The task =
With the pictures omitted, write out the entries that follow exactly as they stand.

[Annotated photo localization data]
- - -

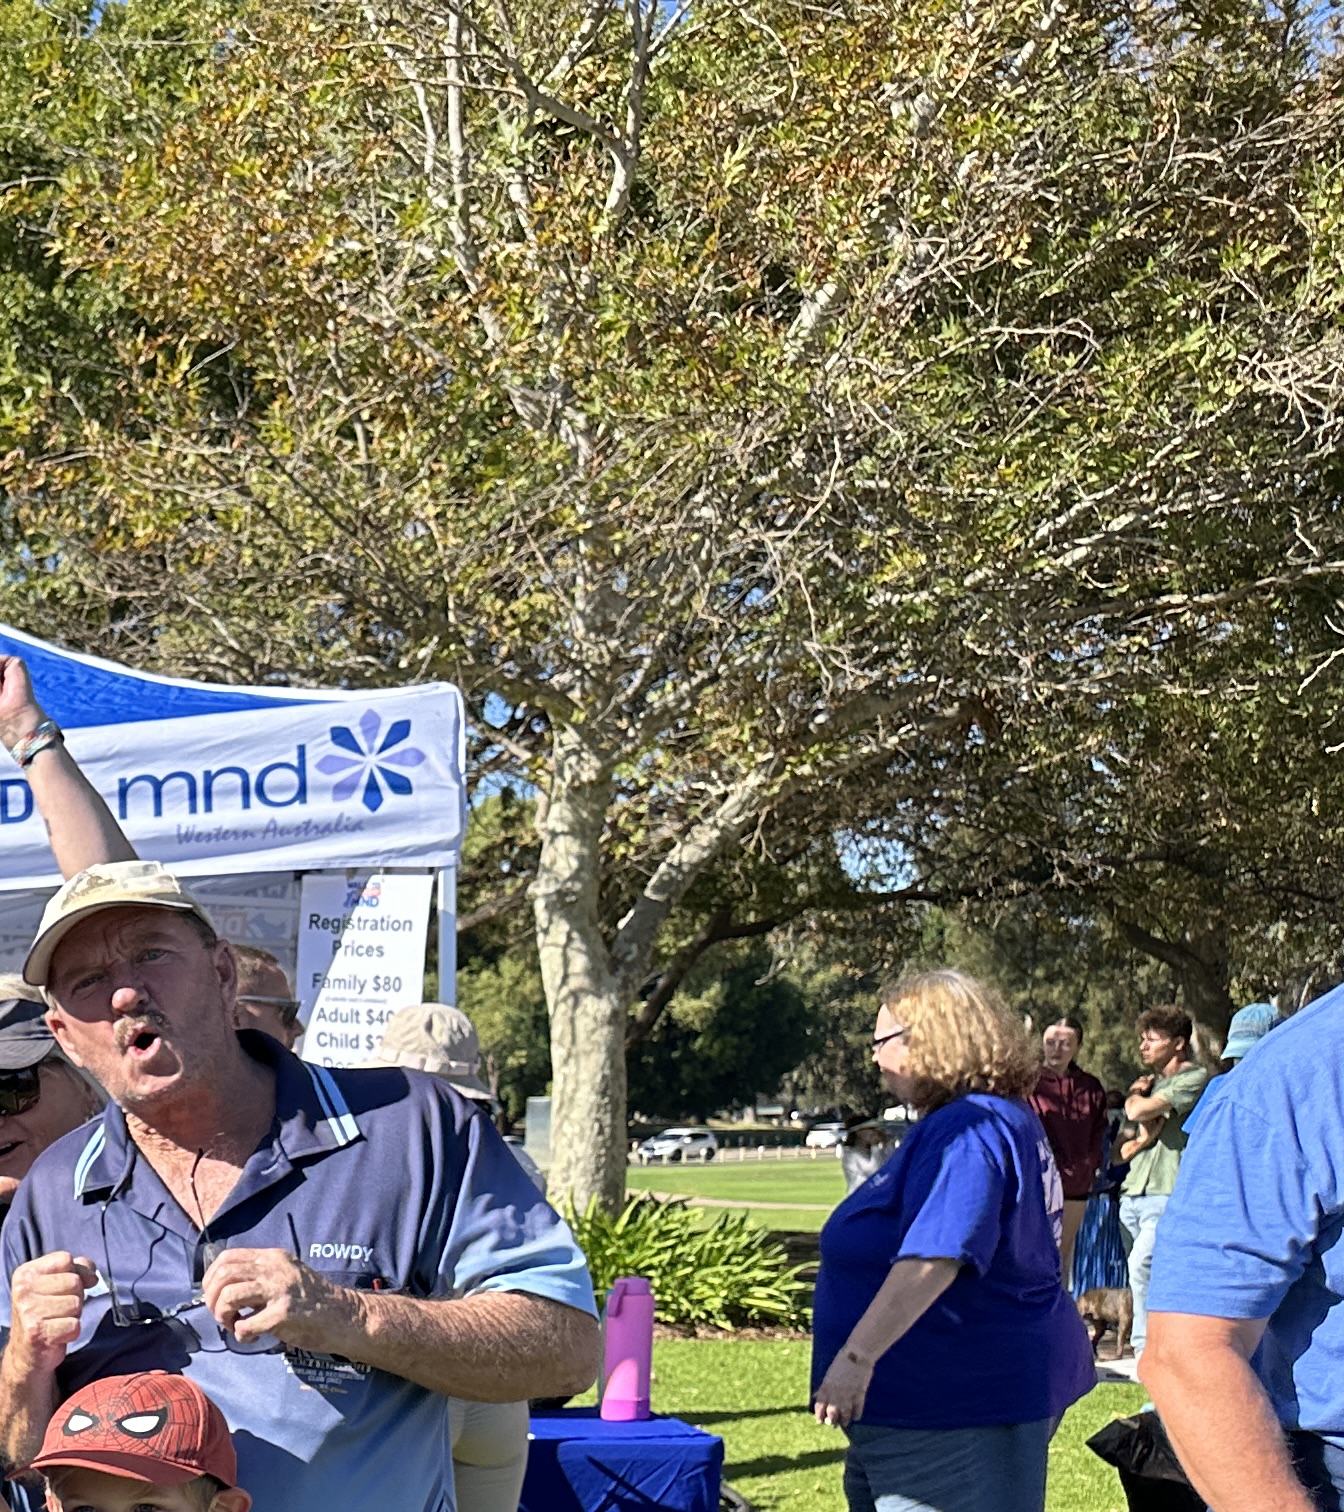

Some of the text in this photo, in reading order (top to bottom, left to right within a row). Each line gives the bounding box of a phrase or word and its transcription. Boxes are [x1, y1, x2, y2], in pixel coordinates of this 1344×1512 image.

[118, 744, 309, 820] mnd
[176, 812, 365, 845] Western Australia
[308, 913, 413, 934] Registration
[332, 940, 385, 958] Prices
[311, 973, 402, 995] Family $80
[316, 1008, 361, 1024] Adult
[316, 1032, 360, 1050] Child
[309, 1243, 374, 1262] ROWDY

- - -

Output of the task =
Some of the text in this photo, in reading order (top to bottom, left to right within a row). Each line gives the bounding box of a phrase or word and its transcription. Boxes are [x1, y1, x2, y2], in pixel coordinates of this 1344×1512 image.

[118, 744, 309, 820] mnd
[176, 812, 365, 845] Western Australia
[308, 913, 413, 934] Registration
[332, 940, 385, 958] Prices
[311, 973, 402, 995] Family $80
[316, 1008, 361, 1024] Adult
[316, 1032, 360, 1050] Child
[309, 1243, 374, 1262] ROWDY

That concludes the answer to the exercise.